Center for Reproductive Medicine, Shandong University, Jinan, Shandong, China.
J Assist Reprod Genet. 2025 Mar;42(3):949-959. doi: 10.1007/s10815-024-03370-9. Epub 2024 Dec 23.
To explore the association of ferroptosis with repeated implantation failure (RIF) and prognostic capability of ferroptosis-related genes.
Data in GSE106602 from the GEO database were used for gene co-expression network construction to confirm ferroptosis-related genes compared to gene sets that were downloaded from FerrDB. Then these genes were analyzed for functional enrichment and validated using endometrium samples from our center. ImplantScore and ROC curve were constructed for prognostic correlation analysis.
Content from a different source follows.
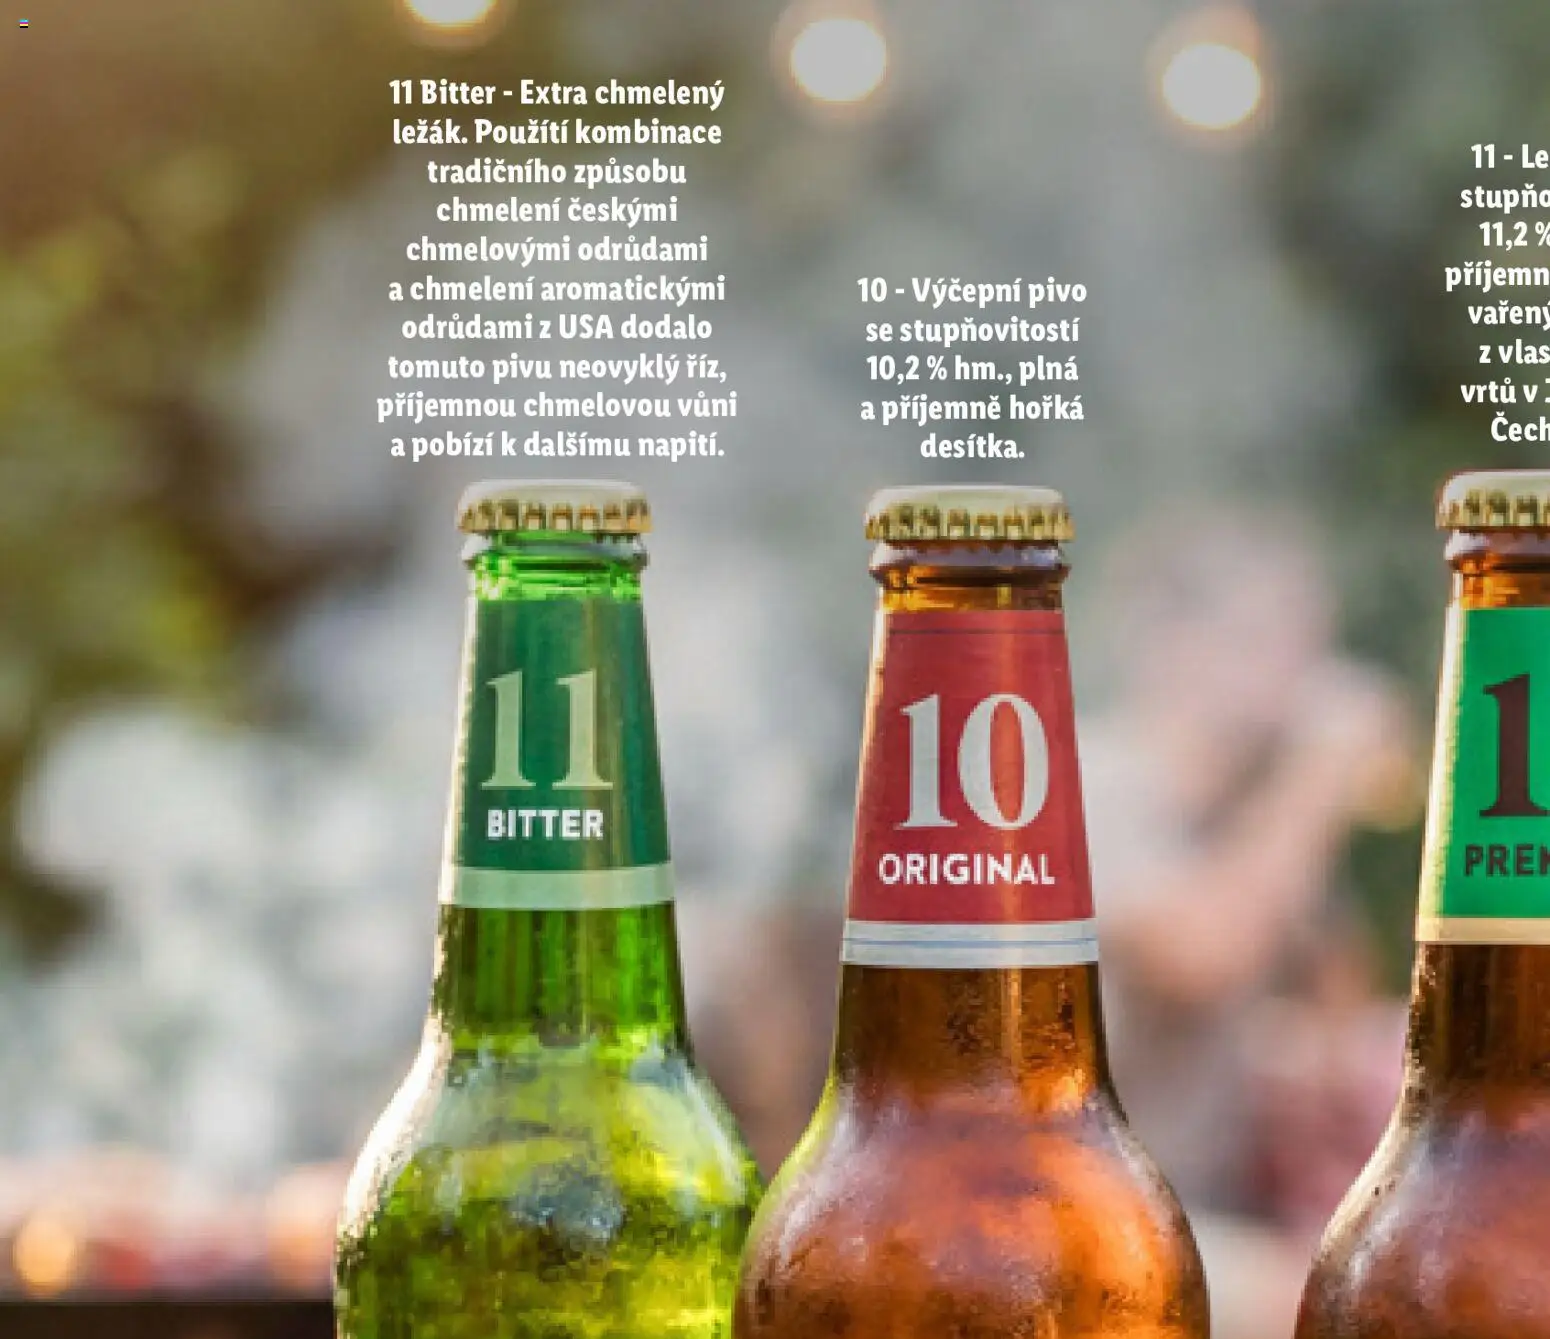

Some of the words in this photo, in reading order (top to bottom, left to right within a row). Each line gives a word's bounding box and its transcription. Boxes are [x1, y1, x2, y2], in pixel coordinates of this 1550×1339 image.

[481, 670, 613, 790] 11
[894, 693, 1049, 831] 10
[487, 809, 604, 841] BITTER
[878, 853, 1056, 886] ORIGINAL
We observed that ferroptosis probably participated in RIF according to bioinformatics analysis on a gene set which exhibited a strong association with RIF from WGCNA. Fifty-four ferroptosis-related genes in the gene set were subsequently verified, and the PPI network was established for underlying interactions among them. There were 23 hub genes with differential expression in RIF and six of them (PML, LCN2, PRKAA1, BACH1, SLC7A11, and CAMKK2) showed significant correlation with implantation outcomes using samples collected from our center. Therefore, we combined the six genes and constructed an ImplantScore whose AUC reached 0.891, higher than the AUC of each single gene, respectively. ImplantScore of six genes with down-regulated expression in the group with failed implantation were much lower than that with successful outcome.
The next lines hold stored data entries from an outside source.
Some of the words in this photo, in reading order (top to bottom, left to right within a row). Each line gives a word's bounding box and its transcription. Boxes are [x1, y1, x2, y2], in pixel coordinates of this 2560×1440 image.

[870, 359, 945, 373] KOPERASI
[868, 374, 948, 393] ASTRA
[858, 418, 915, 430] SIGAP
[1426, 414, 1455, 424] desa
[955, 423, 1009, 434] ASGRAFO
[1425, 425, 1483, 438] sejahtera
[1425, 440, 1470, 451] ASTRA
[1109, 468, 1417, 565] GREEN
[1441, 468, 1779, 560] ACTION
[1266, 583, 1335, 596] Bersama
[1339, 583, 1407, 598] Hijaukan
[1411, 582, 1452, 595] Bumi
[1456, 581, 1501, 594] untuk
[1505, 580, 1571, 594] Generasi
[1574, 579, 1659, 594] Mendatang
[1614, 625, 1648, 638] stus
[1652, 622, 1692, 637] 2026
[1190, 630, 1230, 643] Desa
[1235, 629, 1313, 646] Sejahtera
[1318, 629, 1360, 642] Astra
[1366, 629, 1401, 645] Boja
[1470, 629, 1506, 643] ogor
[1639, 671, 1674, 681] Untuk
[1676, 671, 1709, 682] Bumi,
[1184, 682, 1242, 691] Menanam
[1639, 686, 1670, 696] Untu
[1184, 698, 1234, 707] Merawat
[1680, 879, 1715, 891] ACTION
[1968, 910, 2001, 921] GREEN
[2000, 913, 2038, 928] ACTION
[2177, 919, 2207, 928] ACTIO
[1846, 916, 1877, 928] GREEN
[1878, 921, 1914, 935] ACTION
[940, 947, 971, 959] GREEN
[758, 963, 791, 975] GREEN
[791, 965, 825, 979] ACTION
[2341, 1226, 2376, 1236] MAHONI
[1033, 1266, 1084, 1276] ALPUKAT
Our results demonstrated the potential prognostic functions of ferroptosis-related biomarkers in RIF, which will provide novel perspectives for further research and clinical applications.
探讨铁死亡与反复种植失败(RIF)的关联以及铁死亡相关基因的预后能力。
使用来自GEO数据库的GSE106602数据构建基因共表达网络,以确认与从FerrDB下载的基因集相比的铁死亡相关基因。然后对这些基因进行功能富集分析,并使用我们中心的子宫内膜样本进行验证。构建ImplantScore和ROC曲线进行预后相关性分析。
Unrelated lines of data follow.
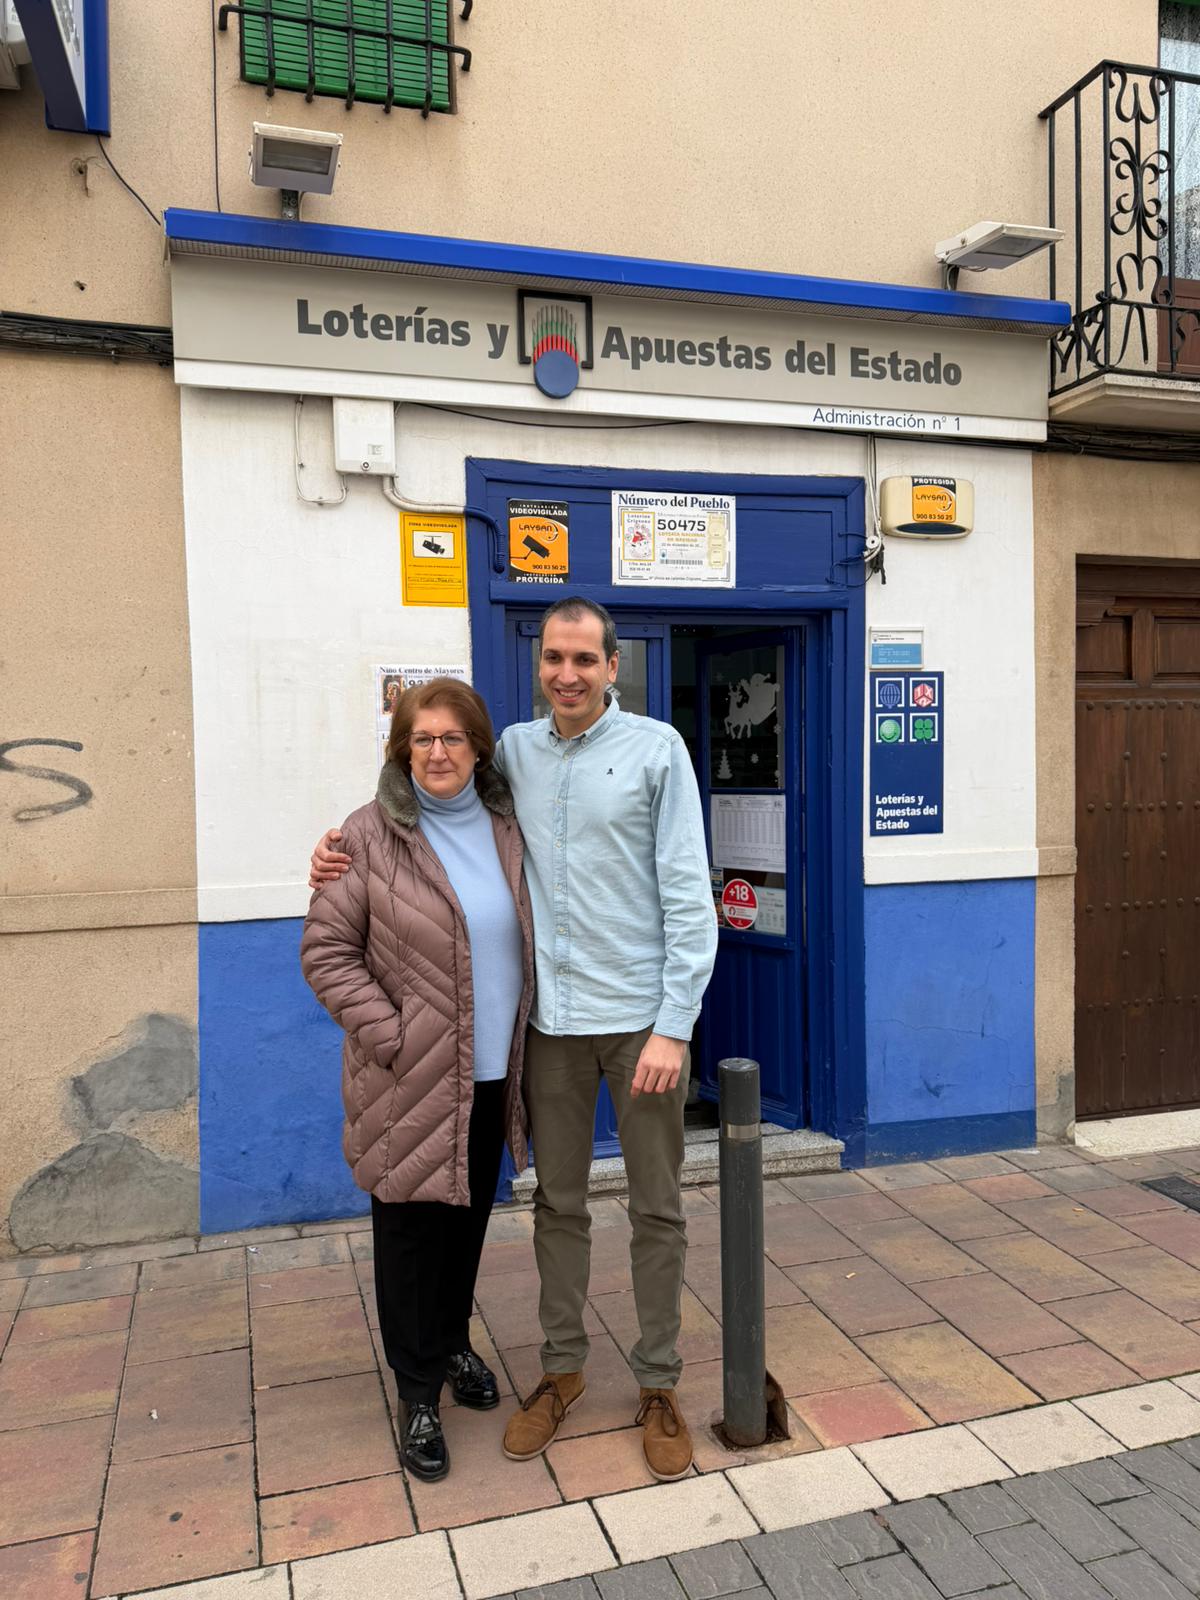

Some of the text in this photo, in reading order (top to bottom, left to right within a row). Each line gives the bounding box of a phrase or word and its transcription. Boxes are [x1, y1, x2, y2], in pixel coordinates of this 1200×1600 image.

[297, 299, 962, 386] Loterías y Apuestas del Estado
[813, 408, 926, 430] Administración
[954, 417, 961, 431] 1
[618, 494, 730, 509] Número del Pueblo
[510, 507, 568, 517] VIDEOVIGILADA
[518, 524, 553, 532] LAYSAN
[657, 519, 706, 531] 50475
[516, 576, 564, 584] PROTEGIDA
[433, 667, 465, 676] Mayores
[875, 793, 924, 806] Loterías y
[876, 805, 938, 819] Apuestas del
[875, 819, 910, 830] Estado
[729, 884, 749, 901] +18
根据对来自WGCNA的与RIF有强关联的基因集的生物信息学分析,我们观察到铁死亡可能参与了RIF。随后验证了基因集中54个铁死亡相关基因,并建立了它们之间潜在相互作用的PPI网络。在RIF中有23个枢纽基因存在差异表达,其中6个基因(PML、LCN2、PRKAA1、BACH1、SLC7A11和CAMKK2)使用我们中心收集的样本显示与种植结局有显著相关性。因此,我们将这6个基因组合构建了一个ImplantScore,其AUC达到0.891,分别高于每个单个基因的AUC。种植失败组中6个表达下调基因的ImplantScore远低于种植成功组。
我们的结果证明了铁死亡相关生物标志物在RIF中的潜在预后功能,这将为进一步研究和临床应用提供新的视角。